1 May 2015
This Friday Salon aims to investigate feminist media art practices through documentation of pre-internet, early net art and media art, examining the ways in which new media, technology and mass digital culture interact with the human body and its expressions, or constructions, of identity.
Based on the Kathy Rae Huffman media art library, a book collection that was recently donated to Goldsmiths Library, this open discussion will be accompanied by a display of rare media art catalogues and monographs that bring together contemporary pioneering feminist media art practices from the late 80s to the present. The conversation will be followed by a screening of Max Almy's Leaving the 20th Century (1982, 11 mins).
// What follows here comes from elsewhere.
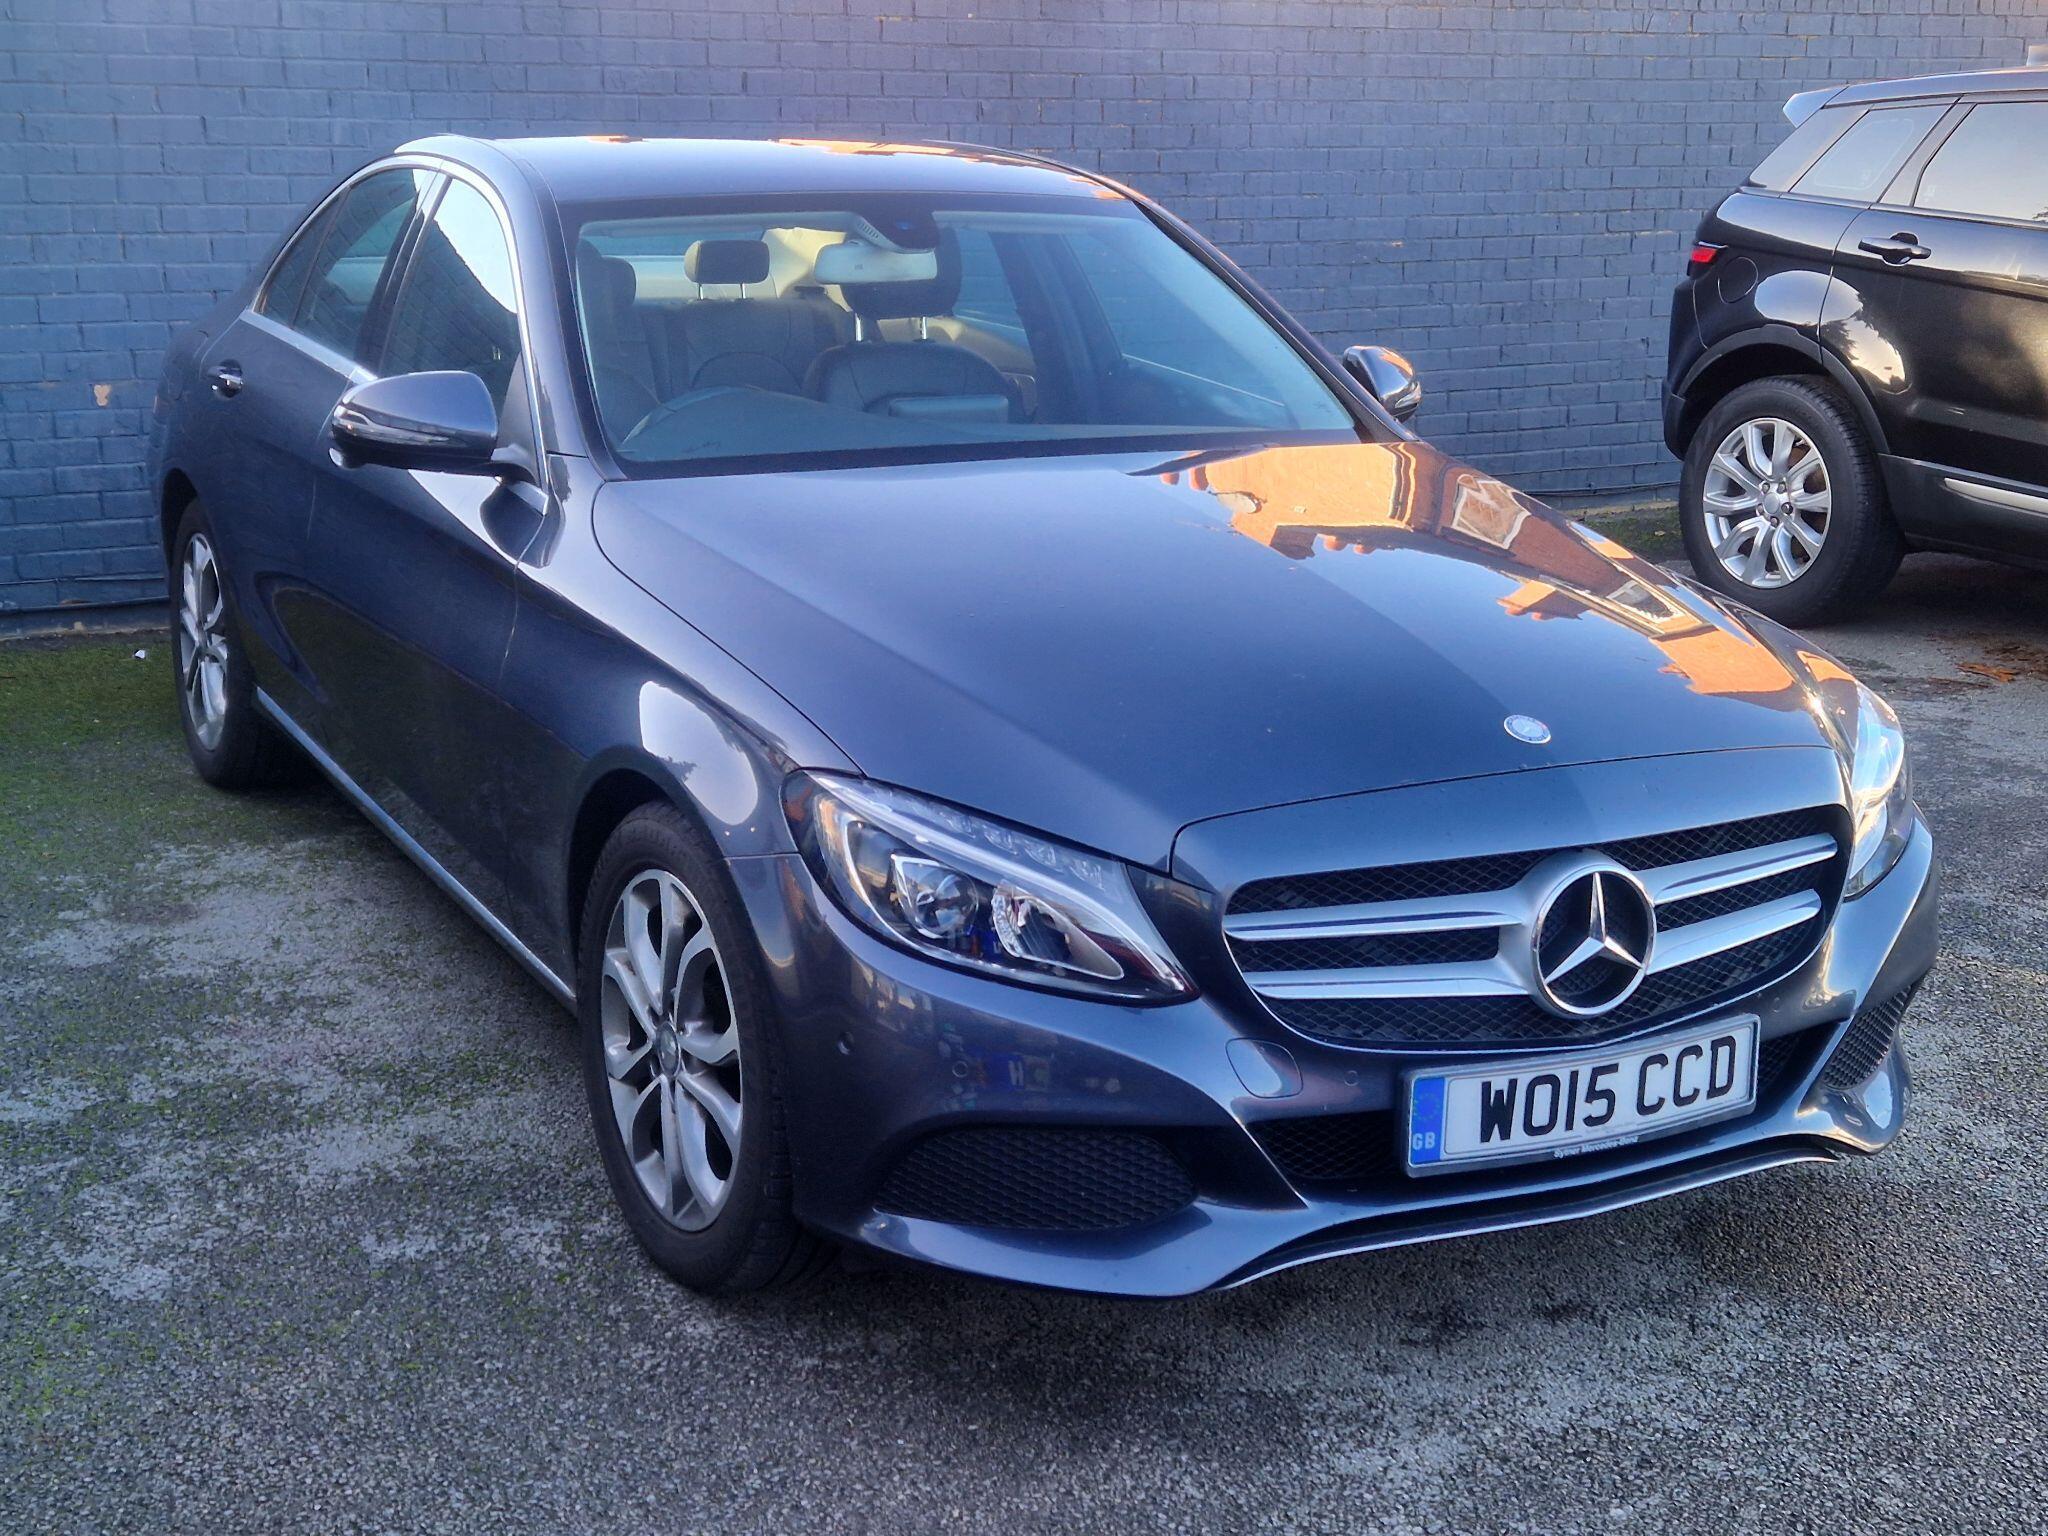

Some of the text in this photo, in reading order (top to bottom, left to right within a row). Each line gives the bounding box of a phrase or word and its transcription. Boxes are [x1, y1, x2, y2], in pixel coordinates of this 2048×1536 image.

[1480, 1035, 1736, 1143] WO15 CCD
[1412, 1131, 1436, 1150] GB
Kathy Rae Huffman will be in conversation with Diana McCarty.
Kathy Rae Huffman is a curator, writer and networker working internationally, based in Berlin and Southern California, with a special focus on issues concerning the history and development of media art including women’s Internet art and environments. She has been active in the field of media art since the early 1980s. As chief curator of the Long Beach Museum of Art in California from 1979-1984, she established LBMA Video, a multimedia workshop and broadcast quality post-production facility for artists. Among other positions, she was curator/producer of the Contemporary Art Television (CAT) Fund, a partnership between the ICA Boston and the WBGH New Television Workshop, Visual Arts Director at the Cornerhouse Contemporary Art Center (Manchester), Associate Professor of Electronic Arts at the Polytechnic Institute Troy, New York.
Diana McCarty is a media producer based in Berlin who has worked with interdisciplinary projects since 1988, addressing gender, art and politics of media. Her work with emergent media has led to influential initiatives such as Nettime, early hack labs and social software projects. She is the co-founder of Reboot.fm, Radia.fm, Prologue: [New Europe, New Feminism] and Faces, a network for women artists, designers and programmers. McCarty’s projects have been featured in international media such as The Wire, Style, Liberation, the French and German television culture program, Arte and National German Radio, as well as other media across Africa, Asia, Europe and the Americas.
In collaboration with Goldsmiths Library.
This event has been curated by Student Forum member Dimitra Gkitsa.